The AFL-CIO's leaders argue, however, that they've always been willing to
back moderate Republicans who support some key worker issues, like
Pennsylvania Sen. Arlen Specter, who addressed the convention by video.
There are just fewer of them these days. And labor's political operation
does not give money to politicians, as many individual unions do with their
voluntary contributions, but rather educates, registers and mobilizes union
family voters.

Unions in general are also clearly frustrated that many Democrats rely on
their backing but then neglect their key economic populist issues. Yet
despite their internal conflicts, leaders from both the AFL-CIO and Change
to Win insist that any Democrat who votes for the U.S.-Central America Free
Trade Agreement should not get labor backing.

So the differences in political strategy and policies may not be as great
as the rhetoric suggests. AFL-CIO political director Karen Ackerman argues
that "unity in the labor movement is always critical, and anything that
serves to undermine that unity hurts the program." What's more, there have
always been divisions in organization and policy in the labor movement: The
biggest union, the National Education Association, is among the unions
outside the AFL-CIO. And even within Change to Win there's a gulf on
environmental politics between the SEIU and UNITE HERE, which oppose
drilling in the Arctic National Wildlife Refuge, and the Teamsters and
Laborers, which support drilling.

One of the biggest challenges to unity concerns the state and local
federations of unions that are, in the best cases, important political
powerhouses. The most aggressive central labor councils have worked hard to
pull together local unions in active coalitions. Stern and Hoffa pledge to
continue supporting these groups, which in some cases rely heavily on SEIU
dues in particular, but official AFL-CIO policy prohibits such
participation by unions not in the AFL-CIO. Lamenting that central labor
councils are like the children hurt by a divorce between parents they love
equally, John Ryan, leader of the Cleveland Federation of Labor, is not
alone in hoping to maintain as many ties as possible, even with defectors,
while still following the rules.

Like other Change to Win leaders, Stern says, "We intend to cooperate with
the AFL-CIO politically. We hope they will cooperate with us." And Harold
Schaitberger, the Fire Fighters union president who is critically loyal to
Sweeney, says, "Politics will remain similar, if not identical ... It
doesn't bode disaster if these unions choose to disaffiliate."
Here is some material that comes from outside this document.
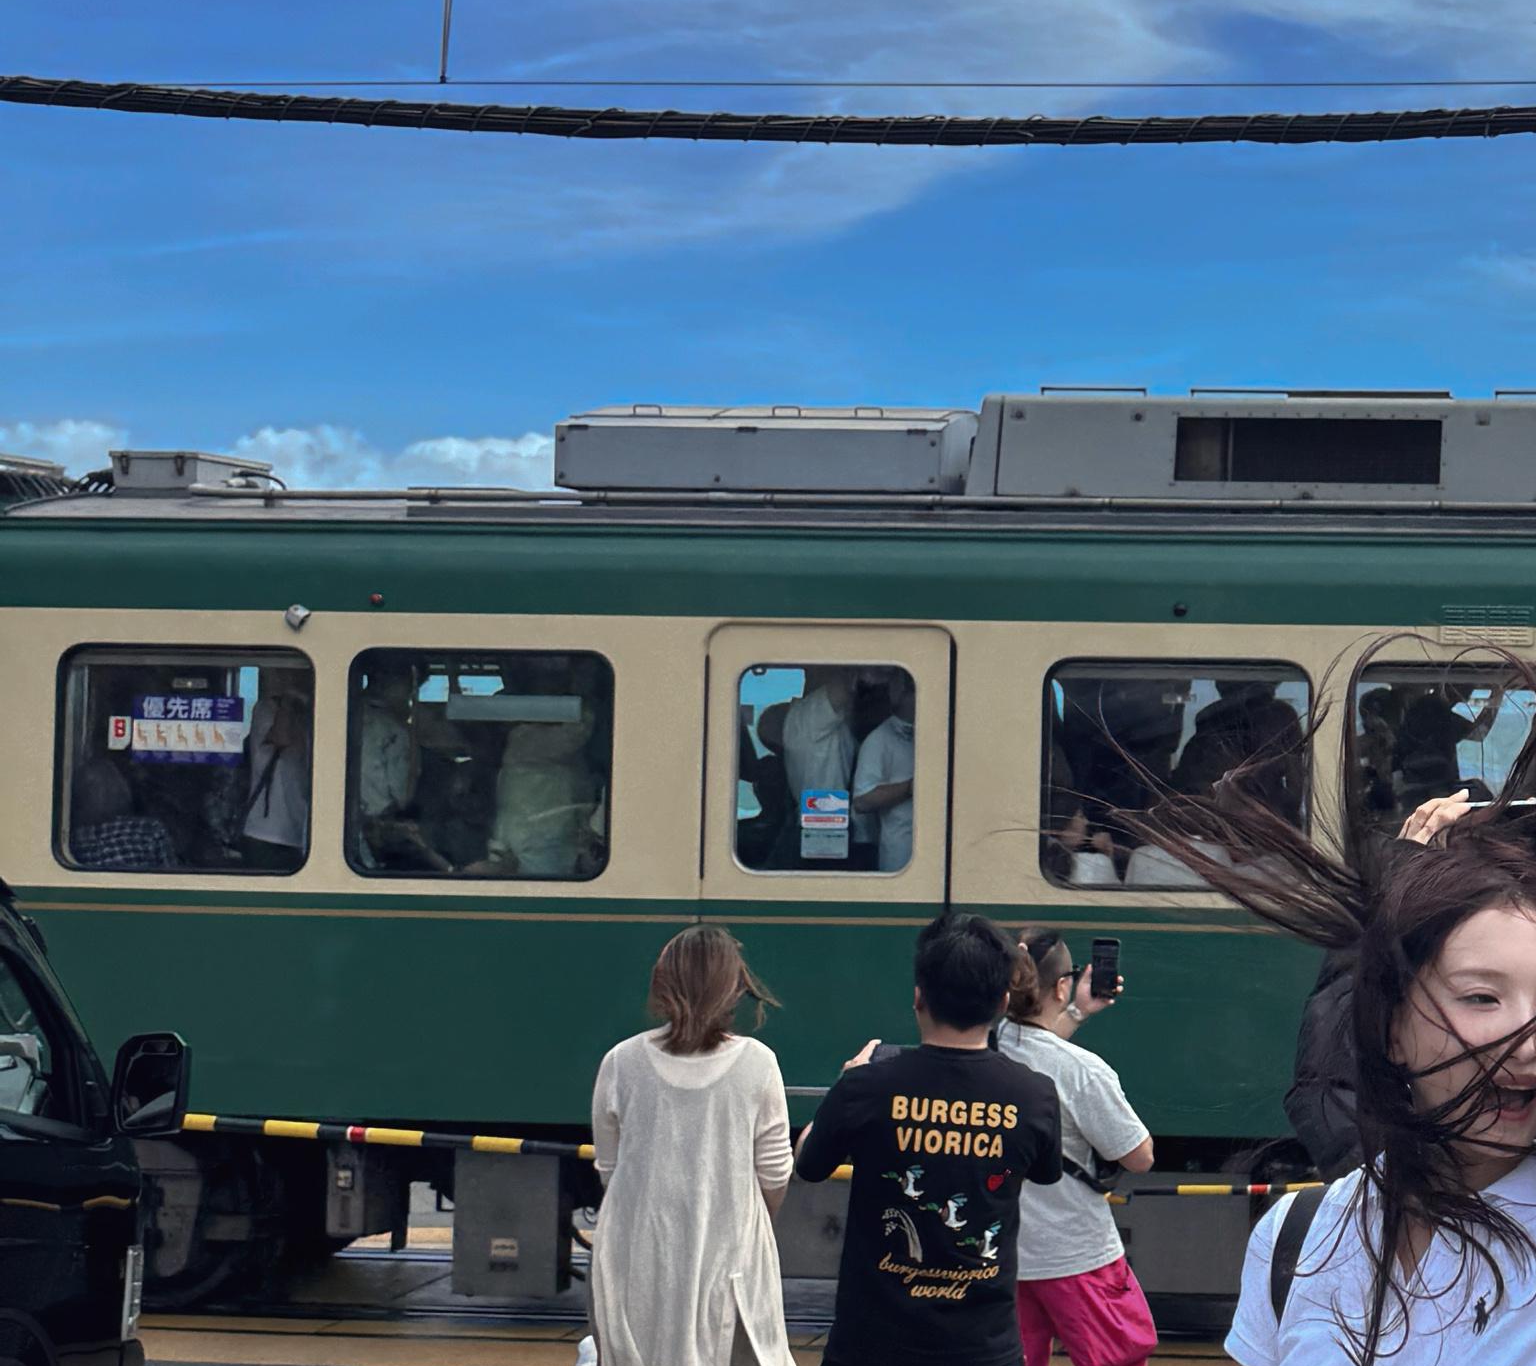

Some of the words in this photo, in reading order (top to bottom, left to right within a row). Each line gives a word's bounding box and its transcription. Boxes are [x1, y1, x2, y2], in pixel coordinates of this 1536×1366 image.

[142, 696, 214, 719] 優先席
[891, 1095, 1019, 1130] BURGESS
[896, 1126, 1004, 1158] VIORICA
[911, 1281, 971, 1300] world
In the end, the split has the potential to make union politics only a bit
more fractious than usual, with the Change to Win unions simply outside the
well-honed political apparatus of the AFL-CIO.
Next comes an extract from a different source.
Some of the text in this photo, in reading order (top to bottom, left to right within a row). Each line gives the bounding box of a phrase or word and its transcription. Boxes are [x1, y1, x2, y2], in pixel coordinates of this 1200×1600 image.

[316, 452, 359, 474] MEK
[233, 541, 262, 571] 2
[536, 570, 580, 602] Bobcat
Is there an upside? Although there's a chance that Republicans will attempt
to leverage the divisions within labor, cutting narrow deals for
endorsements while maintaining conservative policies, there's also a chance
that a fractured labor movement will force candidates to work harder for
endorsements. "I think it's good for Democrats and good for Republicans, if
they're promoting worker rights," UNITE HERE's Wilhelm said. "But if union
membership declines, it's bad for worker [friendly] candidates."

The main potential benefit is if the competition between the two rival
federations and strategies ends up generating union growth -- instead of
expensive, destructive fights over who represents whom. And the growth of
the labor movement would be one of the best possible developments for
Democrats, especially in swing states like Ohio and Florida. As Ackerman
told delegates at the convention, "If we had just 100,000 more union
members in Ohio last fall, this country, this world, would be a different
place." Ultimately, if there is much greater growth, the current disunity
may be worth the very real political risks.